I am not that confident in my math, but here is what I came up with.

SETUP

Your sensor is mounted on a tower. Your sensor is always a certain distance from the ground, if your robot stays level.

The sensor can see objects, and it gives them X and Y coordinates. (x is between 0 and 640, y is between 0 and 400.) I am not sure if the coordinates will work exactly as shown, but it will be close enough.

I did lots of math, and for this case, you do not need trigonometry, because it all cancels out.

(Specifically, when I solved this right triangle, I ran into the law of sines setup, which eventually collapsed into a tangent, which canceled out the arctangent which converts the Y Value into the object’s angle from the camera.)

So in this case, you just need to use a linear equation to solve for distance:

I wrote this distance equation in the format of y = mx+b, since the relationship between distance and Y Value is linear. M, or slope, is the parenthesis part that converts the Y value in pixels into distance. You’ll need to measure *c* yourself, but I hope the diagram makes it clear enough what c is (It is the length in inches of the size of your field view at your sensor’s give height). *B* is just the distance from the foot of your robot (under the vision sensor) to the lower bound of your sensor’s field of view. You will need to measure this manually too.

This is just one way to calculate it. If you instead wanted to use the camera’s height from the ground and the camera’s angle (Which is arguably easier to measure once your camera is on a robot, ESPECIALLY if the camera has a built in angle measure), you would have to use trigonometry then to calculate a new value for the slope/m value, but the whole relationship between the Y Value and the resulting distance remains linear.

Furthermore, you can modify a custom equation with any amount of extra goodies, like calculating distance from a certain seperate point on your robot, or account for horizontal distance/angle, but that is beyond the scope of this basic demonstration.

Can you use two vision sensors and implement stereo for distance?

@Impulse Theory , your math isn’t quite right, and that error is assuming the flat projection (not fish-eye) you’ve drawn. The problem is that it’s not c/400. That 400 isn’t aligned with c. And then there is the whole issue of the curved image (fish-eye) the vision sensor seems to provide. I’ll do the flat projection calculation later and post it.

Do we know the field of view’s angle? That would be nice to have. I don’t see it in the specs, though.

I knew my math would miss something!

Sadly, we do not know the FOV yet. Maybe put a variable in its place, and work it out like that. Tag me if you post your new calculations.

Yes, I figured I would still use your c because it’s something everyone can measure quickly by just putting a tape measure or similar on the floor. It also has the advantage that it can still be used if the camera can zoom.

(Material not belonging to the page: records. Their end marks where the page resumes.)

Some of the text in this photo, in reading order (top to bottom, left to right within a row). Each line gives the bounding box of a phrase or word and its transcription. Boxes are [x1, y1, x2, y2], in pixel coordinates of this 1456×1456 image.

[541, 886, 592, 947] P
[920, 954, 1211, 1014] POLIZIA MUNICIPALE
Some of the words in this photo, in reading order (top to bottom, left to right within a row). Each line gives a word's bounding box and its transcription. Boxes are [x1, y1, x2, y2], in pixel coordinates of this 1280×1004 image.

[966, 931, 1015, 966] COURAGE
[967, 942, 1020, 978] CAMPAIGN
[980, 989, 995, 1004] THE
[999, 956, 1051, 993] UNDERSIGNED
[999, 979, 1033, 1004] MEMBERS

I’d presume it would be the same FOV as the cmucam5, which the sensor is stated to be closely based on. According to the product page:

I’m assuming a flat projection, though the images make it look as though it may be a fish-eye lens or similar. I’m assuming the target is like a piece of tape on the floor; if it’s elevated significantly, that will change things. I’m also working with the 47 degrees given by @BWorcester ; if the angle is different, just use half that in place of the 23.5 degrees showing up below.

The variables:

S = distance to target

H = the height of the middle of the camera lens

ø = the angle up from straight downward you aim the camera (the center of its view), making horizontal 90 degrees

y = the y value from the camera’s output (assuming 0 to 400)

S = H * tan( ø - atan ( (1-y/200) * tan(23.5 deg) ) )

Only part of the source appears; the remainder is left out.